MIKOLAS, M., Sur un probleme d'extremum et une extension de l'inegalite de Minkowski, Ann. Univ. Sci. Budapest Eotvos, Sect. Math. 1 (1958), 101-106

is discussed in Mitrinovic's Analytic Inequalities book. The inequality is stated as below.

Let $x_{uv},$ $p,r$ be positive numbers with $\sum_{u=1}^m x_{uv}=c_v.$ Then $$ \sum_{u=1}^m \left(\sum_{v=1}^n x_{uv}^r\right)^p \leq n^{1-pr} \left(\sum_{v=1}^n c_v^r \right)^p $$ if $r\leq 1,$ and $pr\leq 1.$ The converse inequality holds if $r\geq 1,$ and $pr\geq 1.$

I have no access to the paper, so I was wondering

Question: Is the positivity of the matrix entries necessary for this inequality to hold?

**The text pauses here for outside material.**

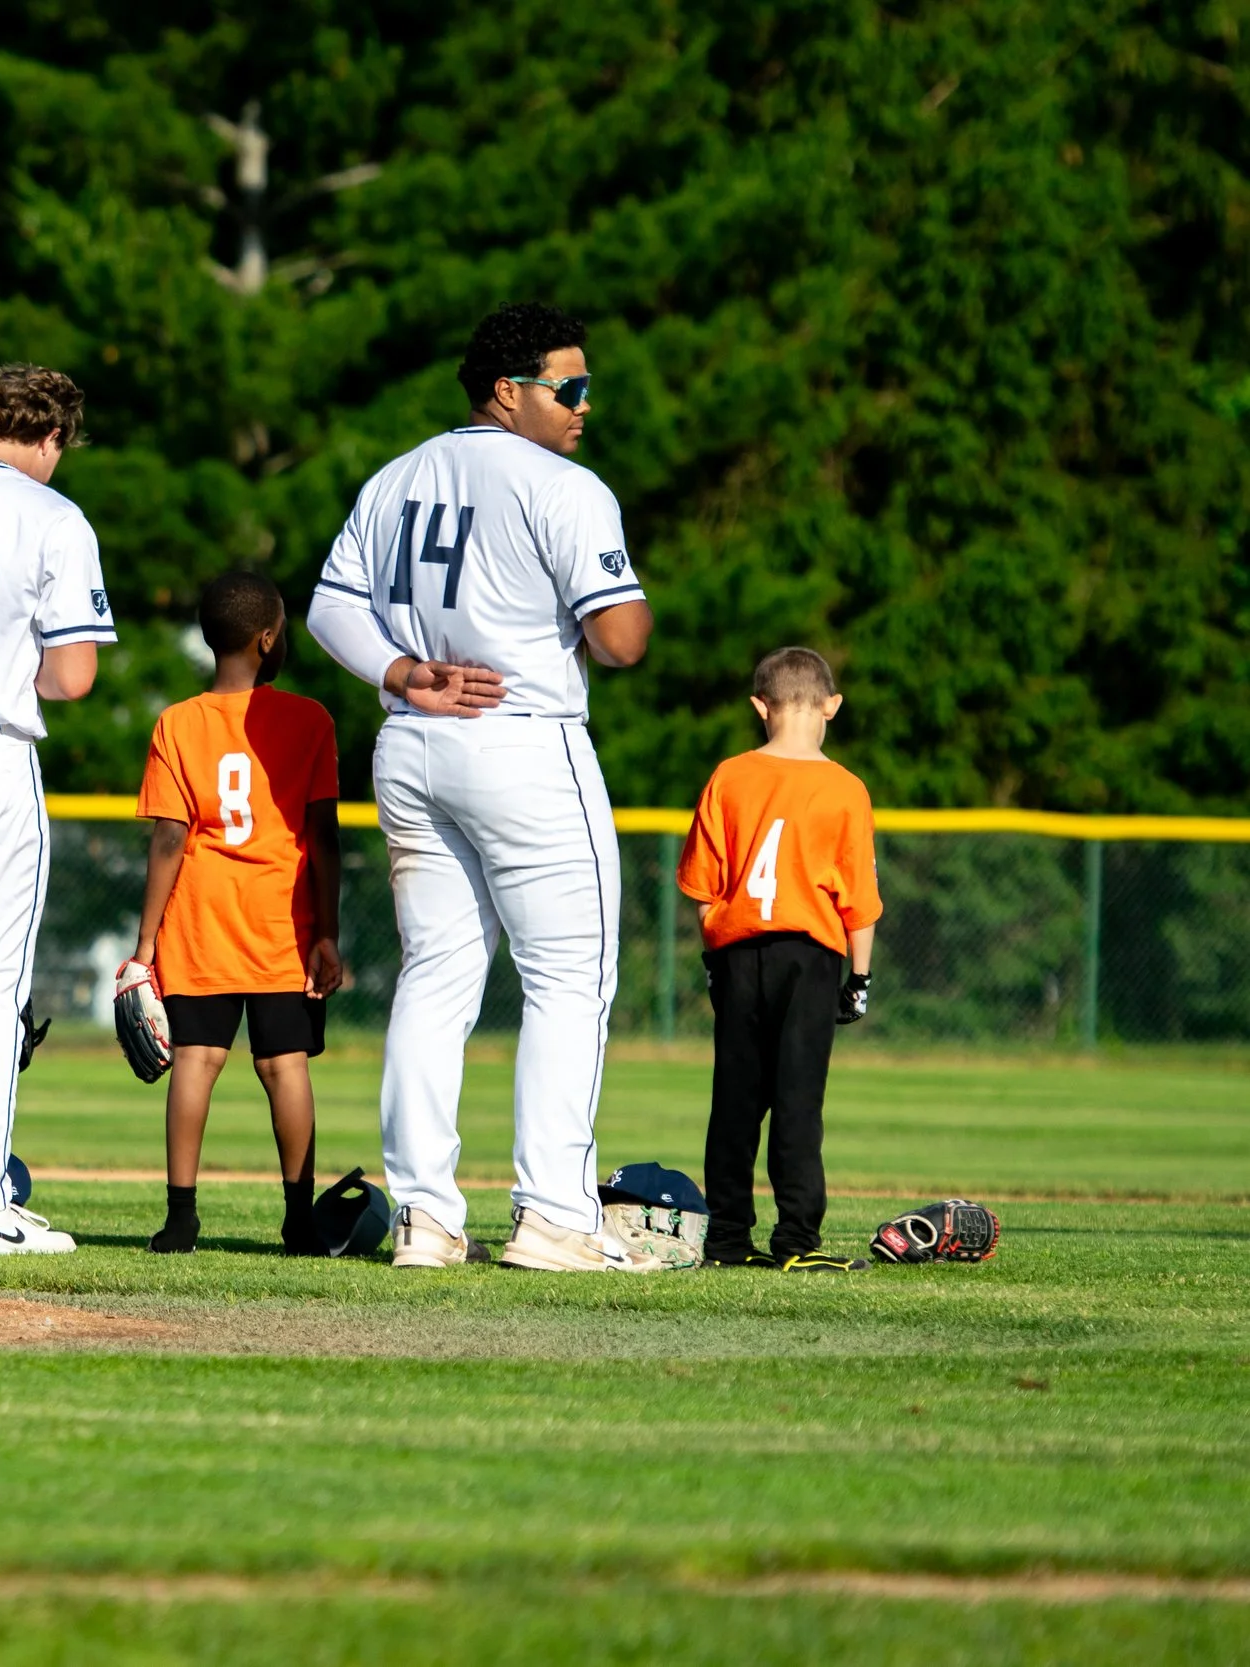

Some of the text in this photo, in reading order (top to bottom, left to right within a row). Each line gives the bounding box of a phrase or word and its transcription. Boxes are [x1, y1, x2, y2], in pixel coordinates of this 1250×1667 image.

To avoid trivialities, we may assume each row/column has at least one nonzero member.

However, it does seem like if we let $r\rightarrow 0,$ then problems may arise since the inner sums on the LHS would tend to the support size of the row sums and some high support size rows can spoil the inequality.

So, maybe if we assume some lower bound on $r$, like $r>1/2,$ it might be possible to recover the inequality, even with some zero entries.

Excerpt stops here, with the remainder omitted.